I teach the full CLA sequence, from introductory overviews of Greek and Latin literature in translation, to more specialized courses on mythology and gender in the ancient world, and upper-level courses on the tradition of Hero literature, and the myth of the Amazons, from the ancient world to today. These classes are all taught in translation, and no knowledge of ancient languages are required to take them.

I have also taught Latin language and literature at UMaine, and continue to enjoy reading and translating Latin poetry. I also teach and research in other areas of modern literature, and lecture as a Preceptor in the Honors College.

Current Research and Selected Publications

Books: My edited volume, Samuel Beckett’s Poetry (co-edited with Dr.
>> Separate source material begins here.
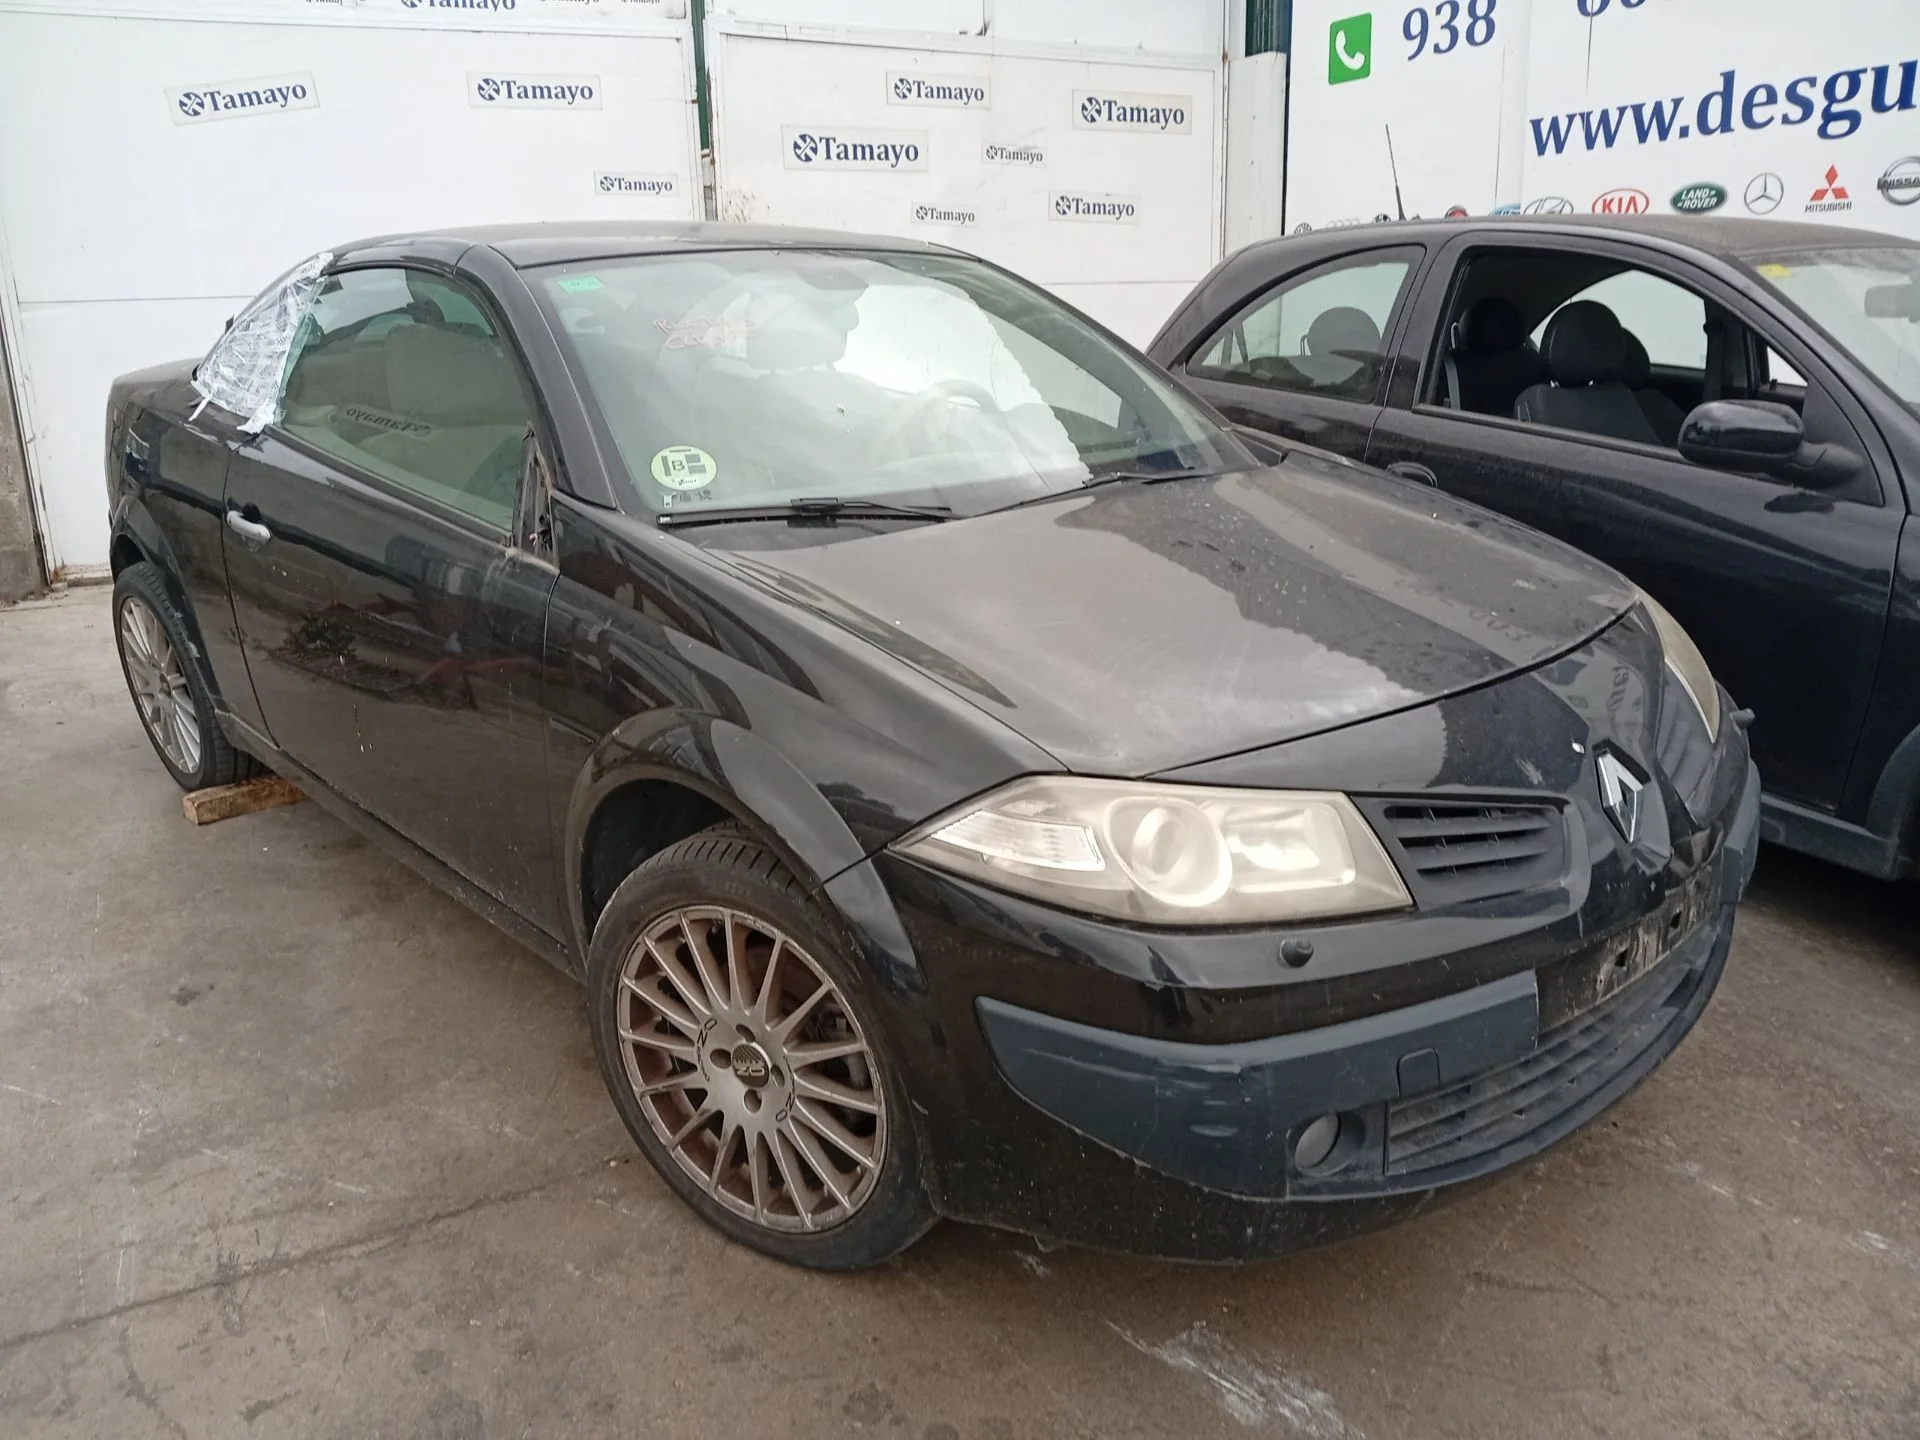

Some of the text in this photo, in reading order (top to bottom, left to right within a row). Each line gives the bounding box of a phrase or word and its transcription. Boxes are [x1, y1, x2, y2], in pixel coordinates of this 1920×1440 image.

Will Davies), will be published by Cambridge University Press in 2022. In addition to our article-length introduction to Beckett as a poet, the volume contains my chapter on Beckett’s reception of the Greek gnomic poetic tradition, and sixteen additional chapters written by scholars of modern poetry and Beckett studies addressing all aspects of Beckett’s poetry.

I’m am now at work on a monograph provisionally entitled Poetry’s Pessimism, about the influence and reception of determinism and fatalism in modern pastoral poetry.

Articles and Chapters: I’ve recently published articles on gnosticism in the WWII poet Keith Douglas (“Cynic and Lyric Balanced: The War Dead and The Lyric Beloved in Keith Douglas,” Twentieth Century Literature 66.1, 2020); on Osip Mandelshtam’s inheritance of the Roman poet Ovid (Journal of Translation Studies 11.3, 2018); and on Walter Pater, Roland Barthes, and literary aesthetics (Paideuma 45, 2019).

I’ve contributed chapters on love in Samuel Beckett’s Endgame (Beckett Beyond the Normal, ed. Séan Kennedy, 2020); and on cliché and the post-critique in Joseph Conrad’s The Secret Agent (Politics of Fear, Politics of Hope: Post-critique and Joseph Conrad, ed. Jay Parker and Joyce Wexler, forthcoming with Palgrave).